Sunday, August 18, 2019

, ,

Semarak Agustus Yang Menyatukan Keragaman



Setiap memasuki bulan Agustus, hati saya selalu terasa hangat dan bahagia.  Jalan-jalan tampak begitu berwarna dengan merah putih aneka bentuk.  Bendera berbagai ukuran dan variasi, umbul-umbul bahkan kaos-kaos bernuansa merah putih tampak menghiasi outlet-outlet pakaian.

Tak hanya itu, kampung-kampung, perumahan, sekolah juga tampak semarak.  Semua bersemangat menyambut ulang tahun Indonesia.  Berbagai lapisan masyarakat bersatu padu menyiapkan acara untuk memeriahkan peringatan kemerdekaan ini.  Merancang berbagai lomba, mengadakan latihan tari, music, drama dan lain-lain untuk pementasan.  Salon-salon juga tak ketinggalan ikut mendapat bagian  kebahagiaan.  Penyewaan pakaian adat dan tata rias untuk berbagai acara datang silih berganti.


Mengikuti Lomba Senam Tobelo Kreasi antar Organisasi Wanita di Kota Bogor
Anak-anak yang antusias mengikuti berbagai lomba.  Dari makan kerupuk, tarik tambang, balap kelereng, memindahkan bendera, hingga pertandingan olahraga dan seni  dari berbagai usia digelar.  Ah… beneran hati saya hangat.


Ada kebiasaan turun temurun di keluarga saya.  Nobar siaran langsung upacara bendera yang digelar di Istana Negara.  Nobar di rumah maksudnya.  Saya lahir besar di Kendari, Sulawesi Tenggara.  Dengan selisih 1 jam perbedaan waktu dibanding Jakarta.  Jadi, dulu waktu saya masih sekolah, tiap 17 Agustus pasti ada upacara bendera di sekolah, sesekali di kantor gubernur atau lapangan umum daerah.  Usai upacara, langsung deh buru-buru pulang, demi agar bisa nonton siaran langsung pengibaran bendera di TV.  Nontonnya ramai-ramai di rumah, bersama keluarga.  Untungnya di kalau di Jakarta pengibaran bendera pada pukul 10, di Kendari jadinya jam 11.  Jadi masih terkejar buat nonton.

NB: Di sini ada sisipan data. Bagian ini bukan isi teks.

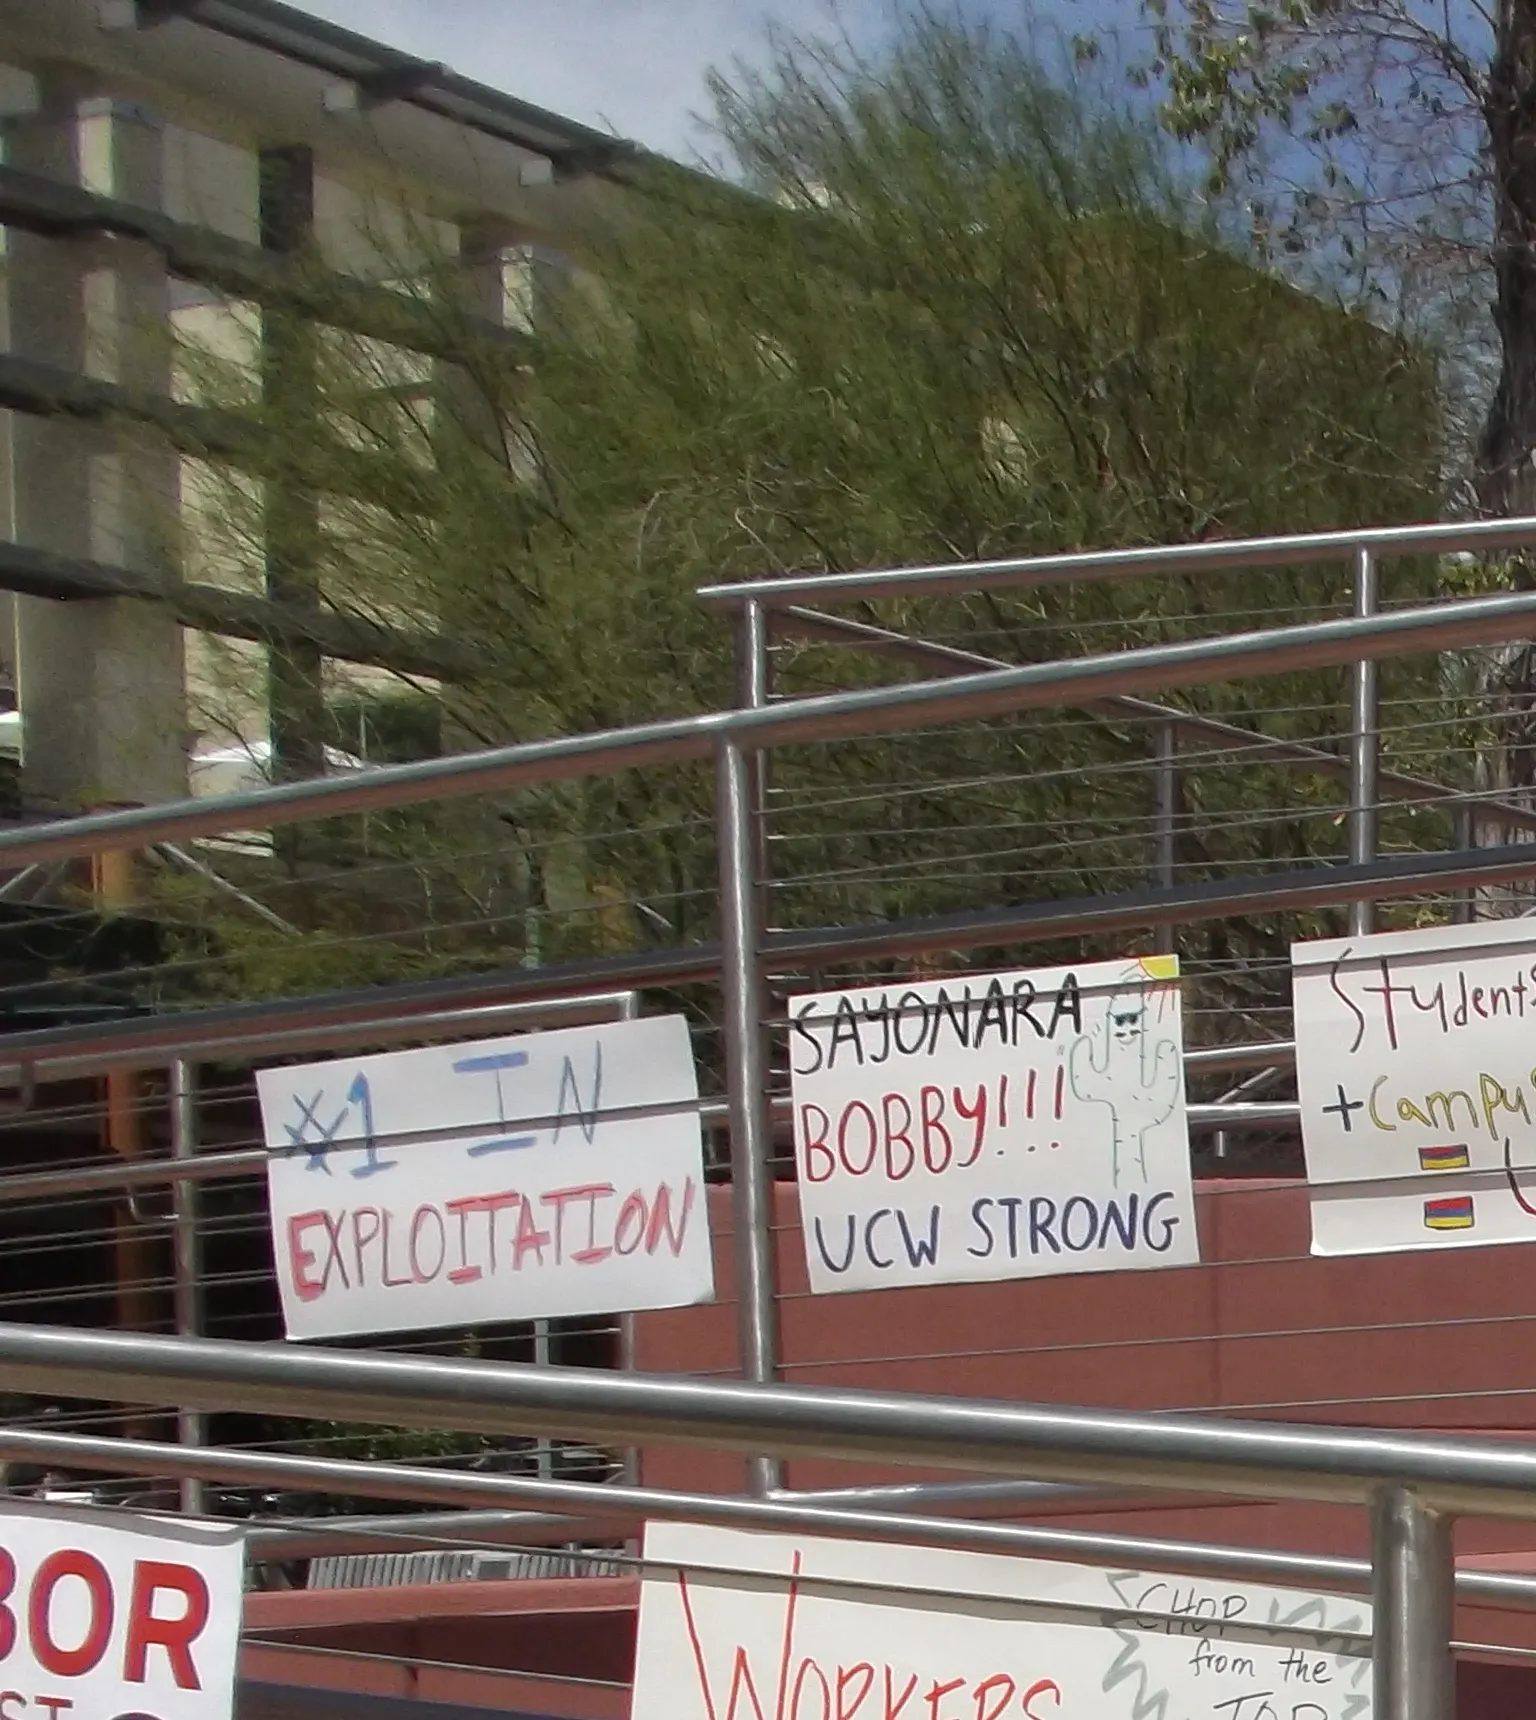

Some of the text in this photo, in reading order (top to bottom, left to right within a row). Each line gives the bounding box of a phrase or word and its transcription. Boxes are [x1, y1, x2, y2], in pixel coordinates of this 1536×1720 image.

[789, 972, 1084, 1075] SAYONARA
[451, 1039, 603, 1158] IN
[801, 1064, 1066, 1183] BOBBY!!!
[287, 1174, 696, 1302] EXPLOITATION
[815, 1190, 1181, 1273] UCW STRONG
[1188, 1636, 1333, 1685] from the
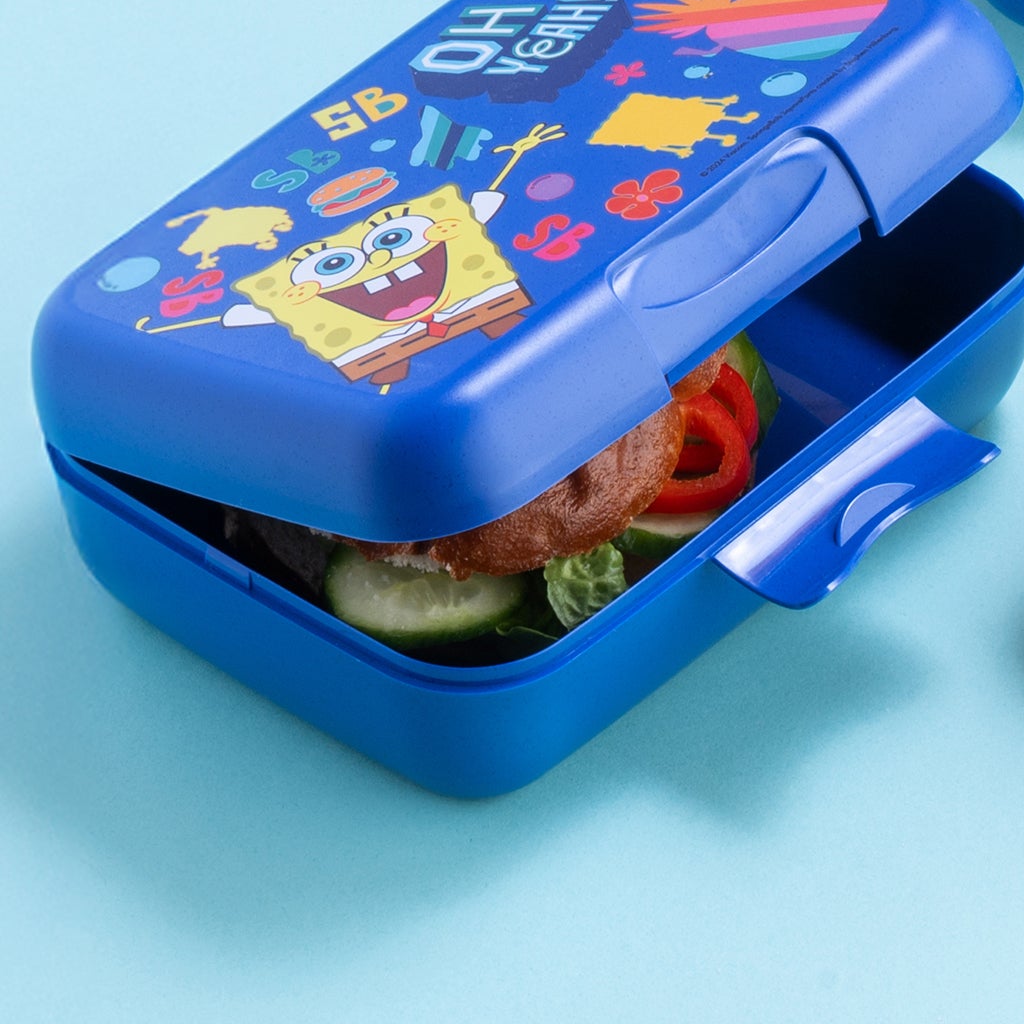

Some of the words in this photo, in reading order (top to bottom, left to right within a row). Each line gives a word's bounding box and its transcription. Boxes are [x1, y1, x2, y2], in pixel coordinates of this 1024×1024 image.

Upacara Bendera di Istana Negara
Sekarang saya sudah berkeluarga dan tinggal di Bogor.  Kebiasaan yang sama berlanjut hingga sekarang.  Rasanya ada yang kurang kalau gak nonton upacara bendera deh.  Pernah suatu hari, pas 17 Agustus kami camping.  Susah sinyal pula di lokasi camping.  Meski tetap ada semarak acara agustusan, rasanya ada yang hilang.  Bahkan, kalau kami ada rencana pergi-pergi di tanggal 17 Agustus, biasanya baru jalan setelah upacara bendera usai.  Kalau di lapangan dekat rumah ada lomba-lomba, saya biasanya kabur sejenak hanya untuk nonton detik-detik pengibaran bendera. Haha iya, saya selebay itu.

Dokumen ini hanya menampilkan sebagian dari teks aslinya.